Transcribe every entry exactly, leaving out any pictures.

Extracted material below:

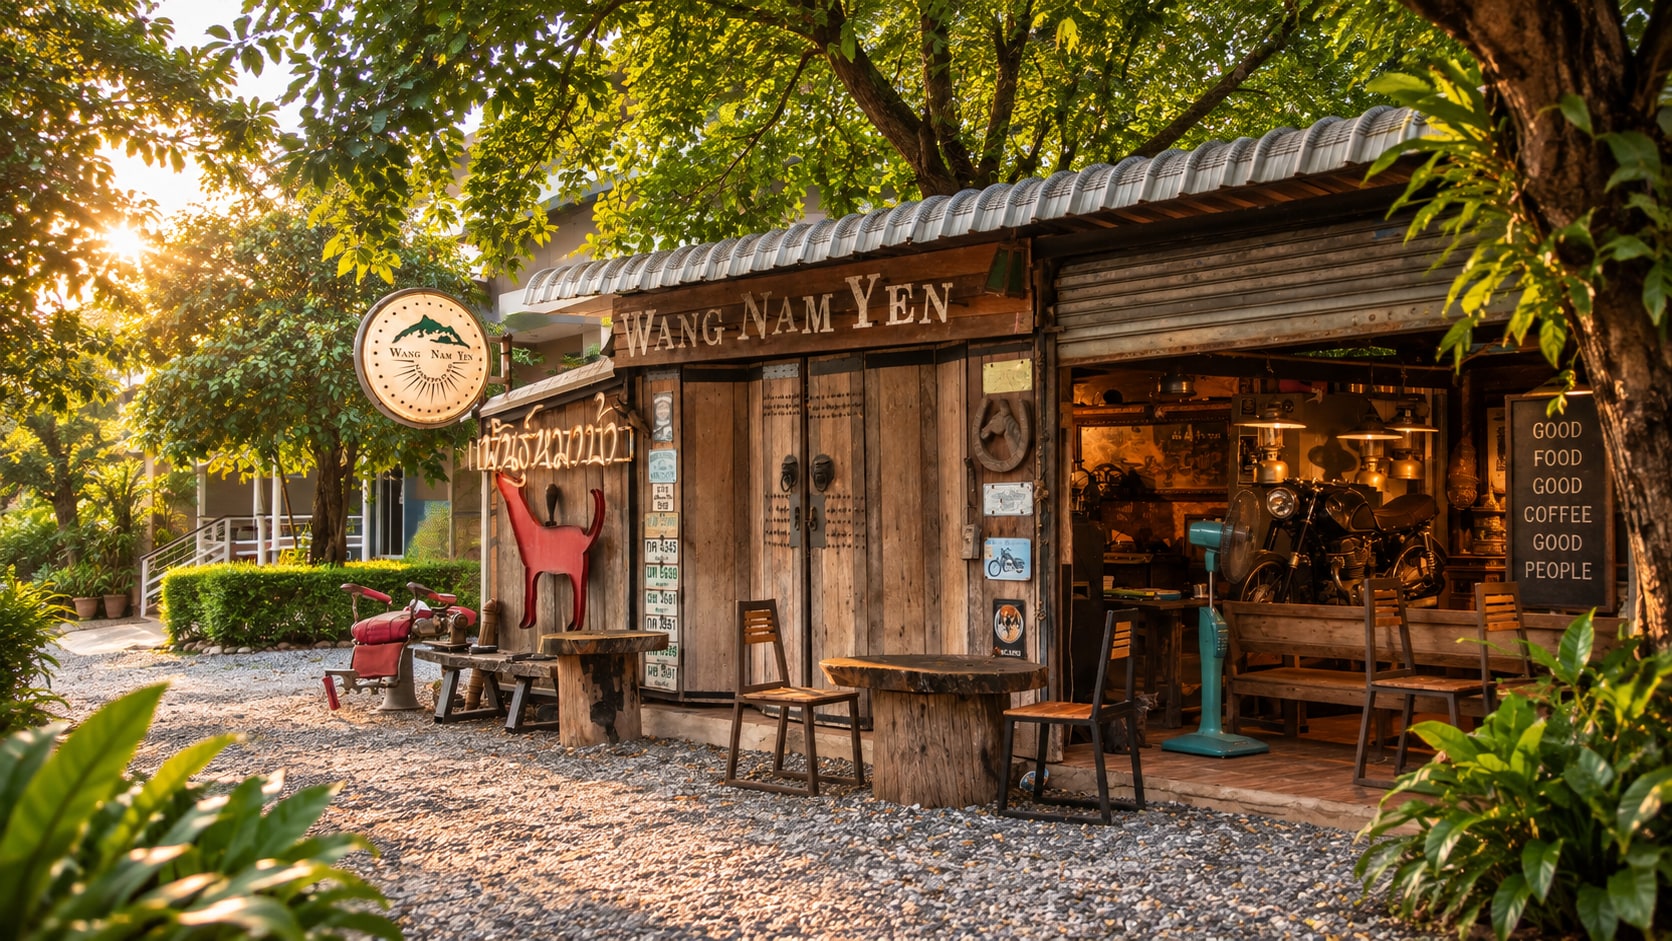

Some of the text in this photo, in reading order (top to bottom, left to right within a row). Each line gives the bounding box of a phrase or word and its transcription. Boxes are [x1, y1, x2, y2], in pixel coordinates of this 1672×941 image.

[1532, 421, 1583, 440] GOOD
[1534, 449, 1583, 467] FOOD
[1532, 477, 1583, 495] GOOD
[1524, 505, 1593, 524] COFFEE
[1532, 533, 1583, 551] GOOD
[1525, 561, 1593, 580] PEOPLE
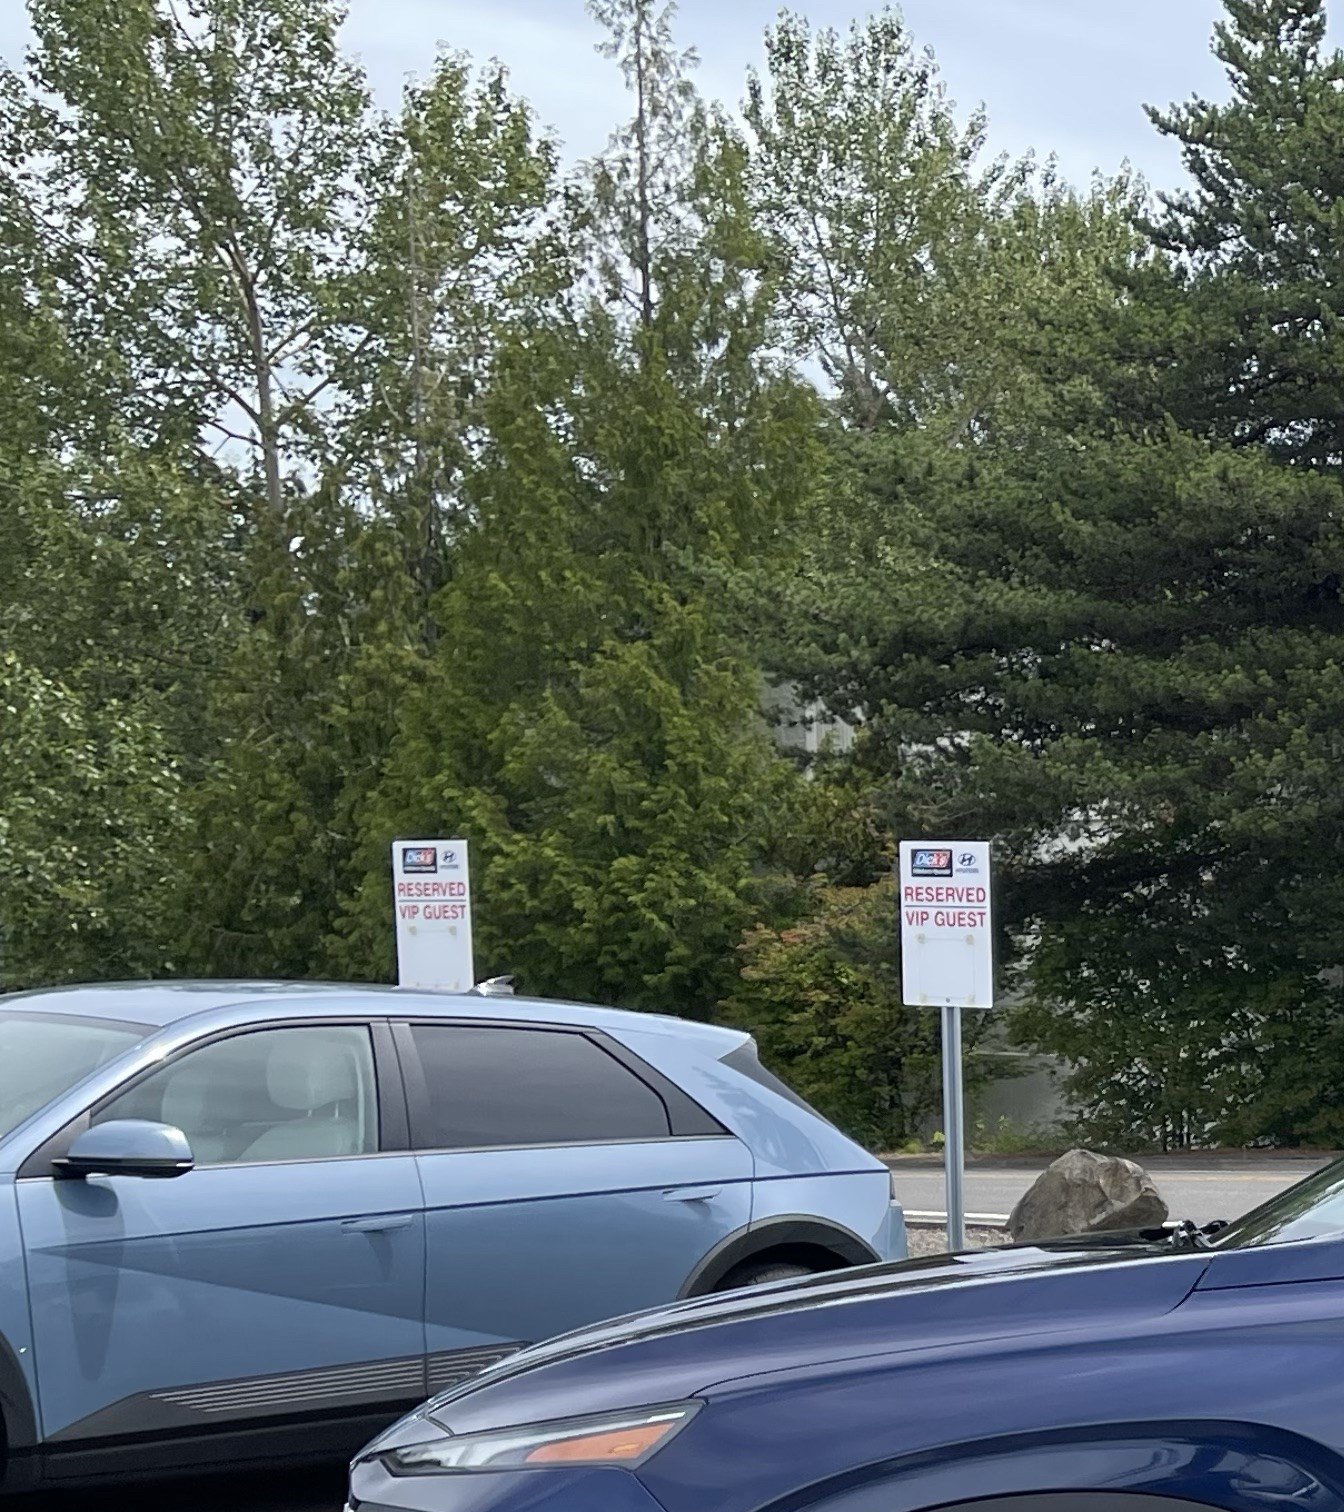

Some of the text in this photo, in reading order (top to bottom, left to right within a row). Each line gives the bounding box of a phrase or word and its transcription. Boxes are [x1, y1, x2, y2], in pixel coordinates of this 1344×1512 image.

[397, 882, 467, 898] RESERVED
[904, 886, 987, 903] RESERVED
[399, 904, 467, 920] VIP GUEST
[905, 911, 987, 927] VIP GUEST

End of Extracted material.

## [Solution for this exercise]
Some of the text in this photo, in reading order (top to bottom, left to right within a row). Each line gives the bounding box of a phrase or word and its transcription. Boxes are [x1, y1, x2, y2], in pixel coordinates of this 1672×941 image.

[1532, 421, 1583, 440] GOOD
[1534, 449, 1583, 467] FOOD
[1532, 477, 1583, 495] GOOD
[1524, 505, 1593, 524] COFFEE
[1532, 533, 1583, 551] GOOD
[1525, 561, 1593, 580] PEOPLE

Some of the text in this photo, in reading order (top to bottom, left to right within a row). Each line gives the bounding box of a phrase or word and its transcription. Boxes are [x1, y1, x2, y2], in pixel coordinates of this 1344×1512 image.

[397, 882, 467, 898] RESERVED
[904, 886, 987, 903] RESERVED
[399, 904, 467, 920] VIP GUEST
[905, 911, 987, 927] VIP GUEST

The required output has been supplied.